▶ _About this task_: Copy each line, word for word, from the one with "this 1280×1440 image." through the final line of the listing, but skip the pictures.

▶ _Data listing_:
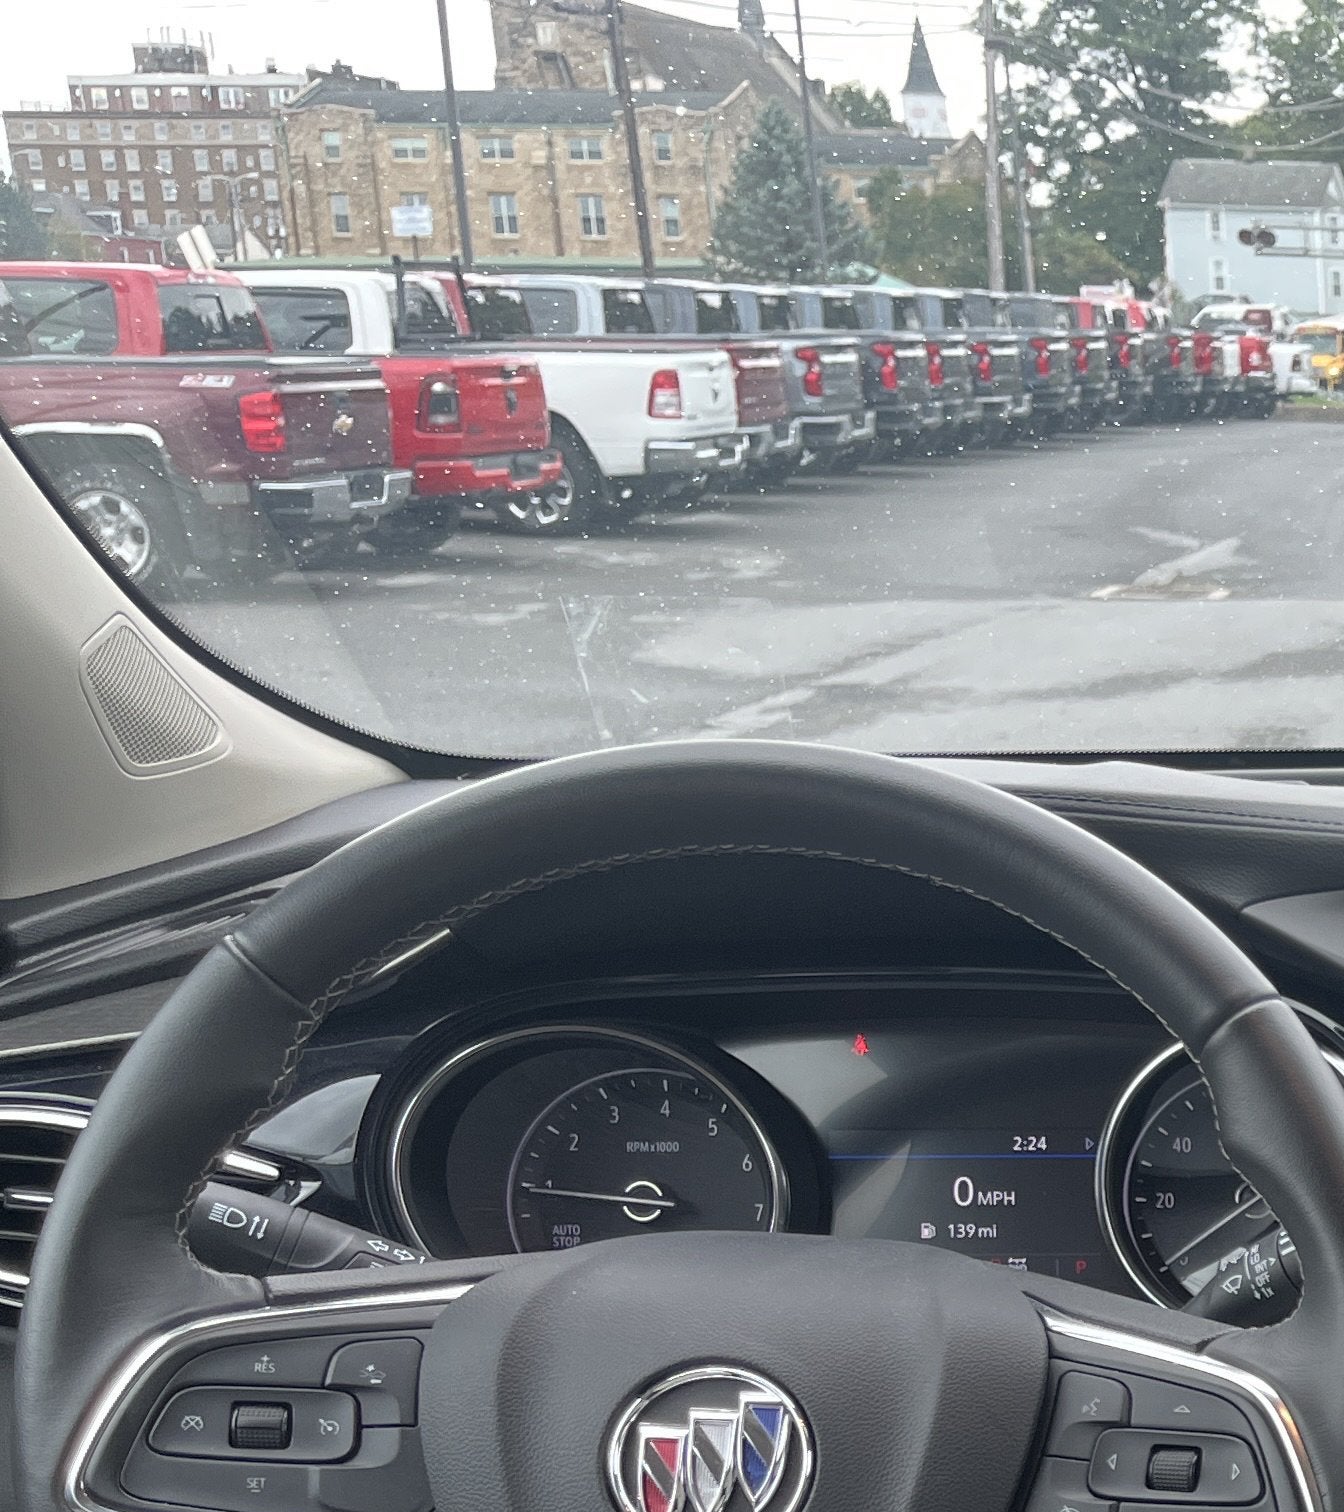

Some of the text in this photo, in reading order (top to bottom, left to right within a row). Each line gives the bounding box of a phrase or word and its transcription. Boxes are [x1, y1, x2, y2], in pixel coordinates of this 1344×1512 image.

[609, 1105, 620, 1124] 3
[660, 1100, 671, 1118] 4
[707, 1118, 718, 1137] 5
[569, 1133, 580, 1152] 2
[1012, 1136, 1047, 1151] 2:24
[1172, 1136, 1192, 1153] 40
[742, 1153, 753, 1172] 6
[953, 1176, 1016, 1207] 0 MPH
[1155, 1192, 1175, 1210] 20
[754, 1204, 764, 1221] 7
[552, 1224, 581, 1236] AUTO
[948, 1223, 997, 1238] 139 mi
[552, 1236, 581, 1248] STOP
[254, 1361, 275, 1374] RES
[246, 1477, 266, 1489] SET
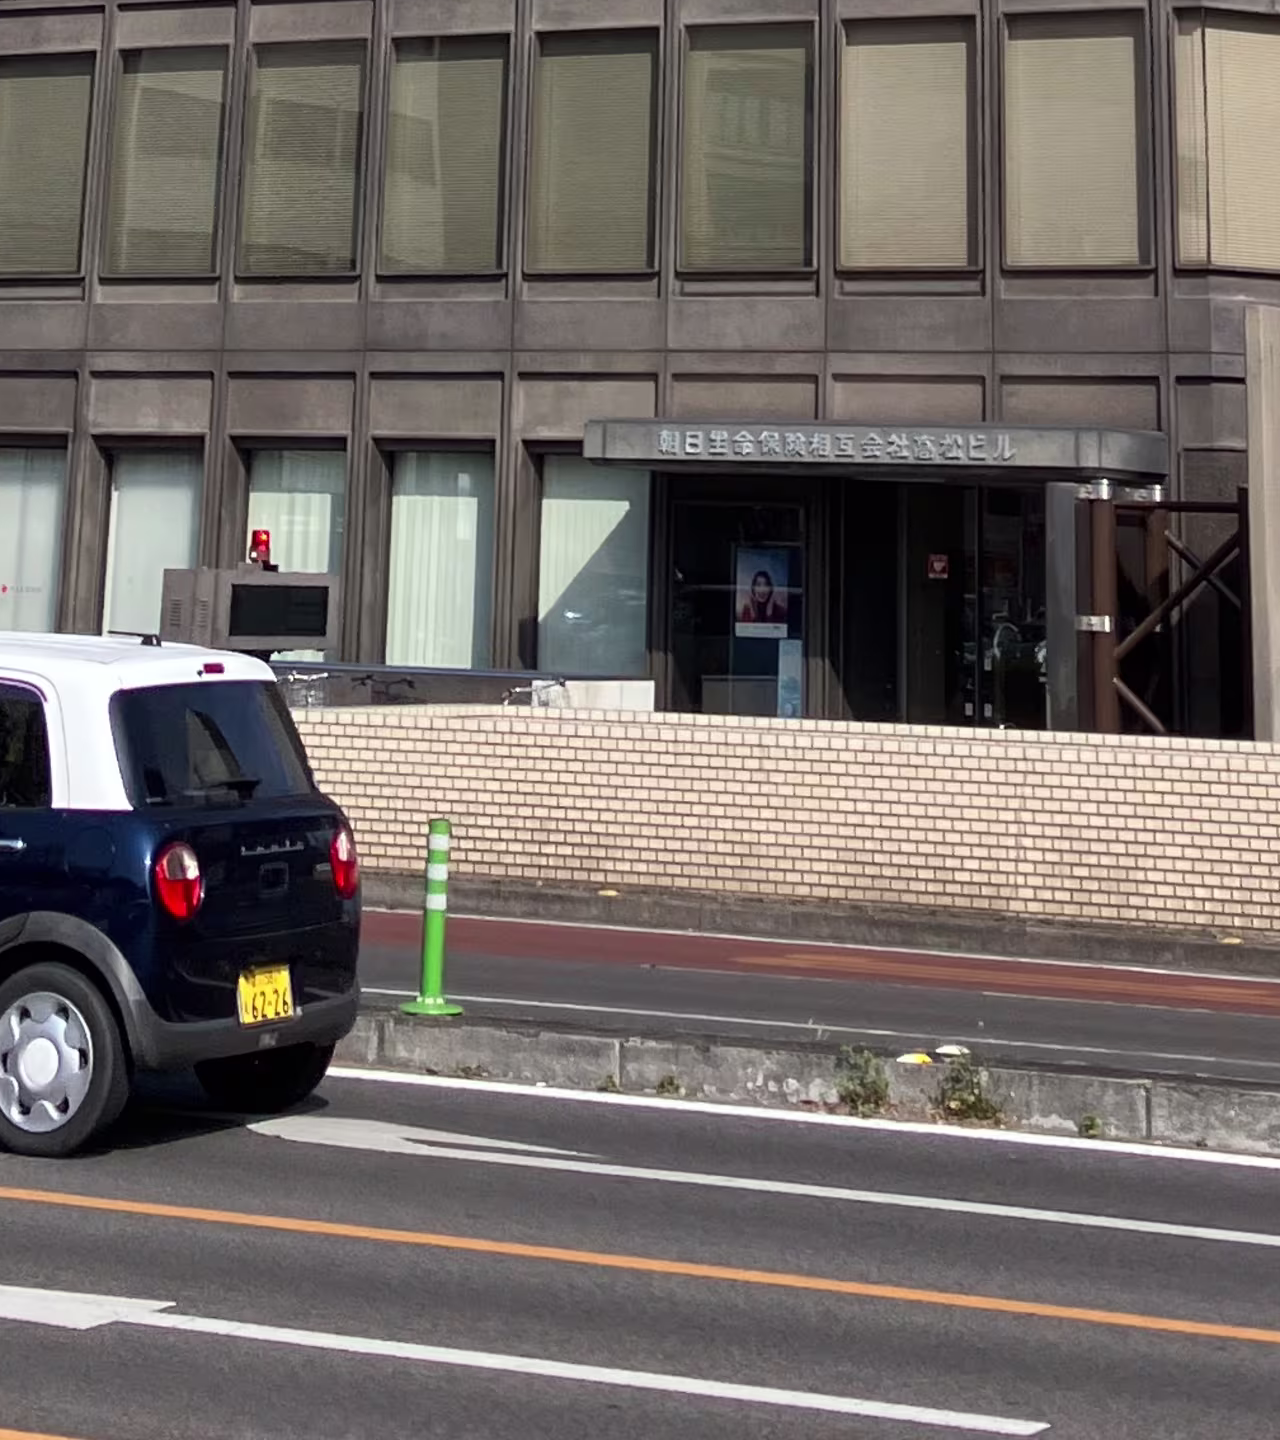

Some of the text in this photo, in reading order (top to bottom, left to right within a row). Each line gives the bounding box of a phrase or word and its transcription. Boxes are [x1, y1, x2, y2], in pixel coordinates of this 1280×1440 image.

[657, 429, 1018, 461] 朝日生命保険相互会社高松ビル
[251, 987, 289, 1020] 62-26
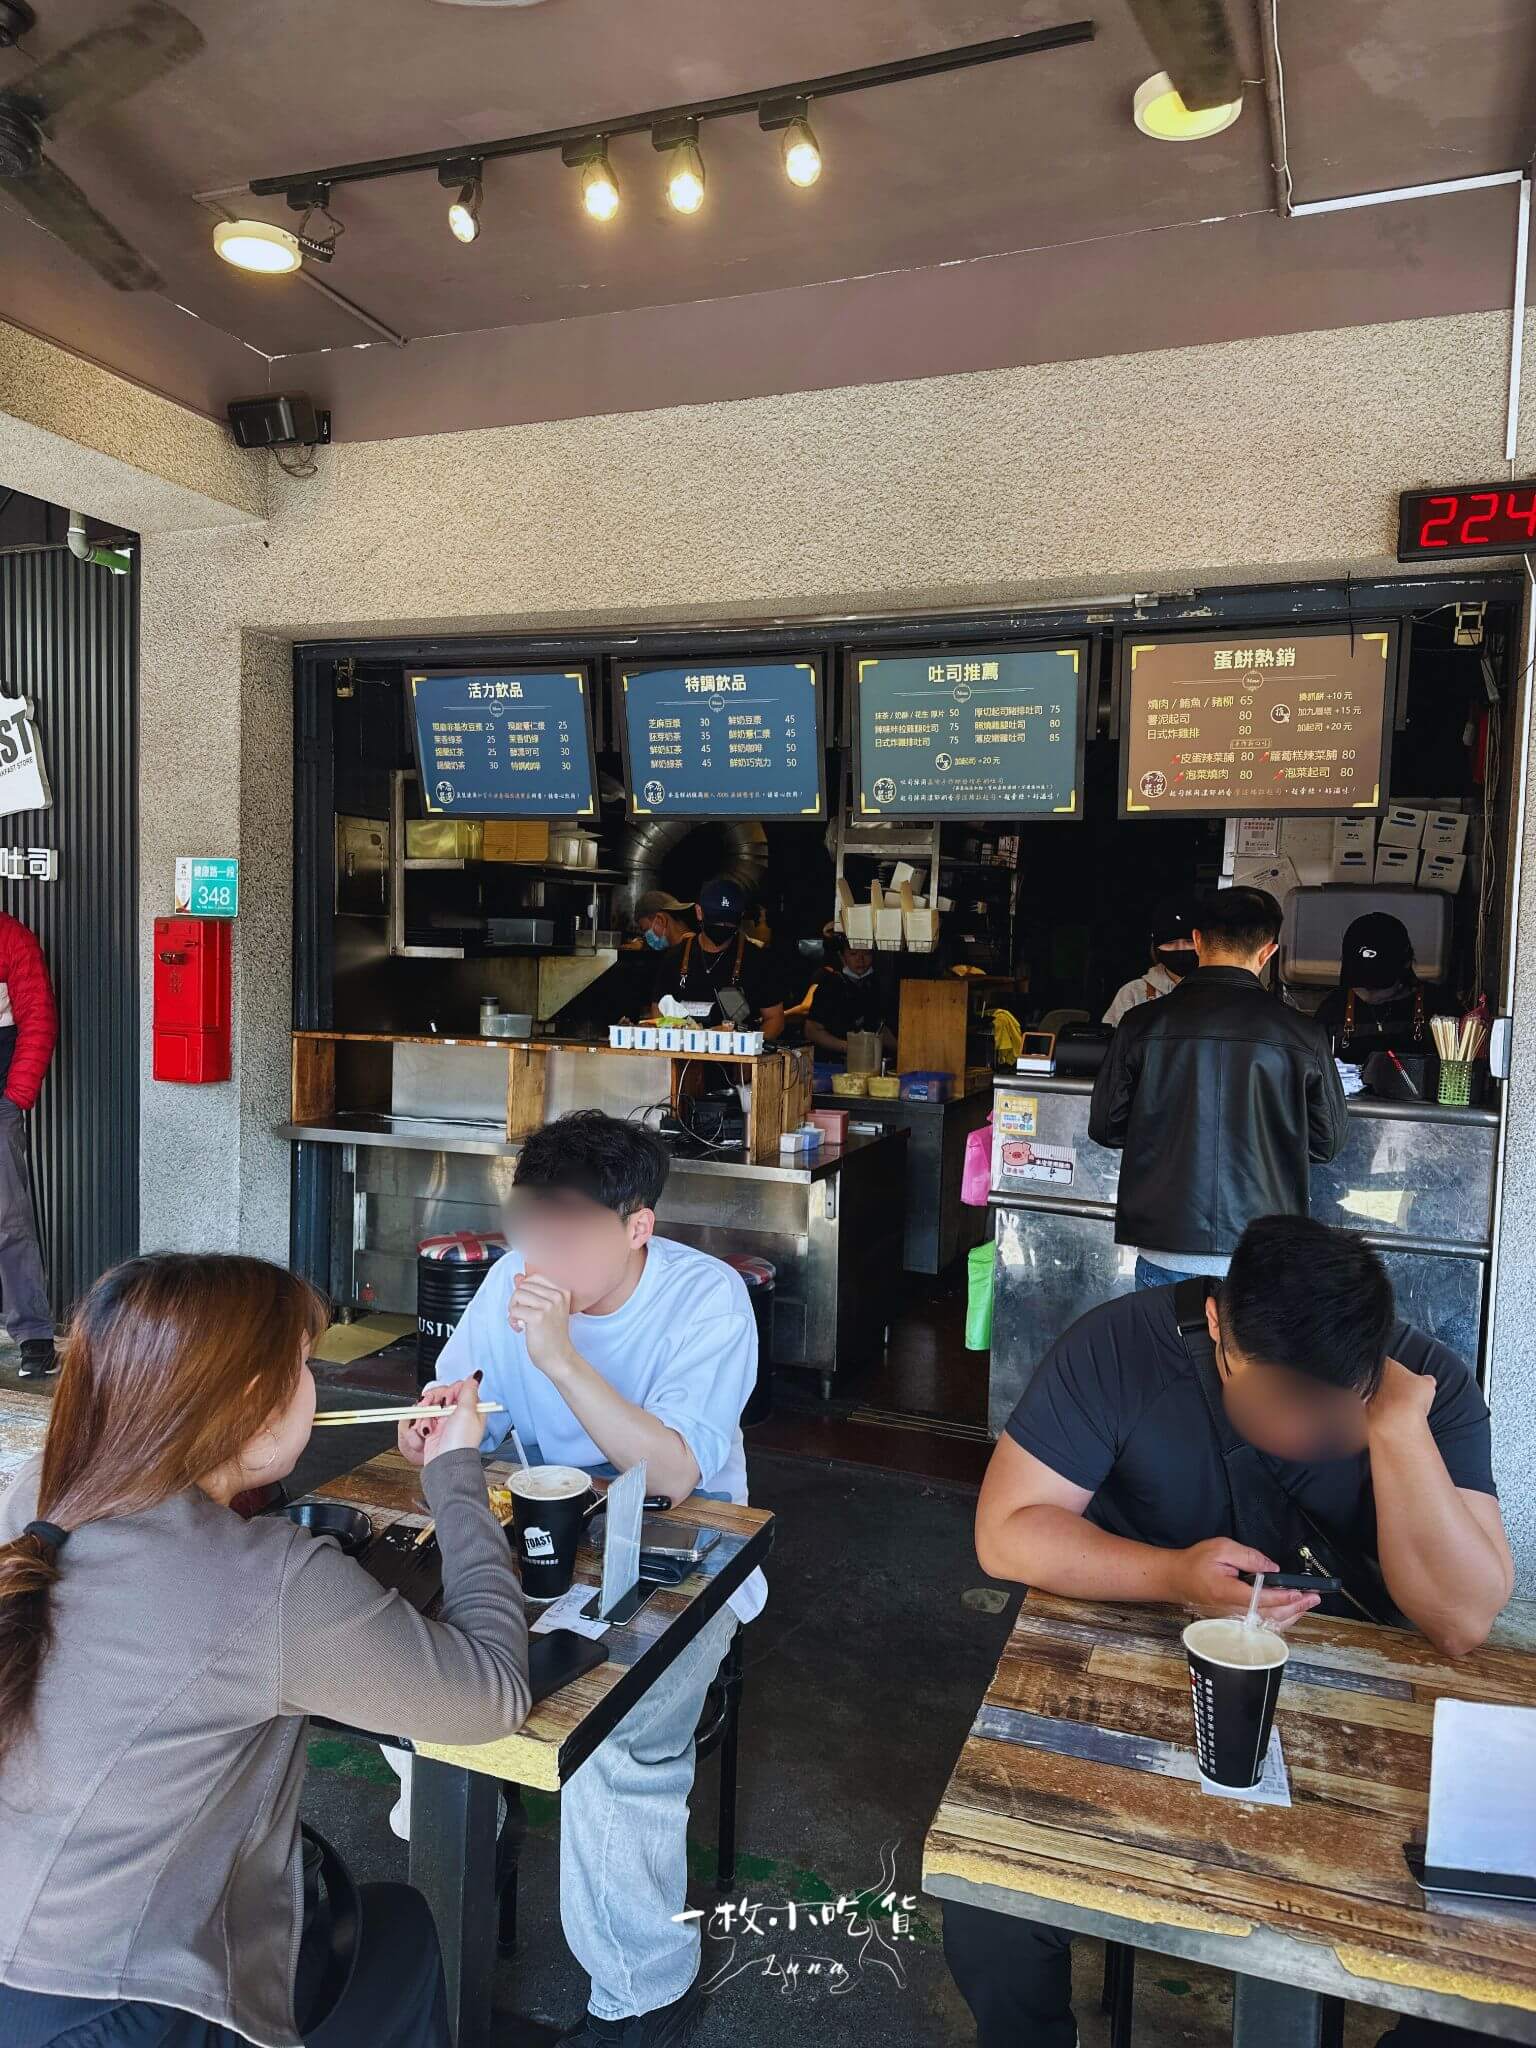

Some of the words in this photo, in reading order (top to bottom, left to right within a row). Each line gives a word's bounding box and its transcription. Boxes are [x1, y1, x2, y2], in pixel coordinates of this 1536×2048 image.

▶ _Your solution_:
Some of the text in this photo, in reading order (top to bottom, left to right within a row). Each line gives the bounding box of a phrase or word and its transcription. Boxes are [x1, y1, x2, y2], in pixel coordinates of this 1280×1440 image.

[657, 429, 1018, 461] 朝日生命保険相互会社高松ビル
[251, 987, 289, 1020] 62-26

Some of the words in this photo, in reading order (top to bottom, left to right within a row). Each line gives a word's bounding box and its transcription. Boxes are [x1, y1, x2, y2], in pixel coordinates of this 1536×2048 image.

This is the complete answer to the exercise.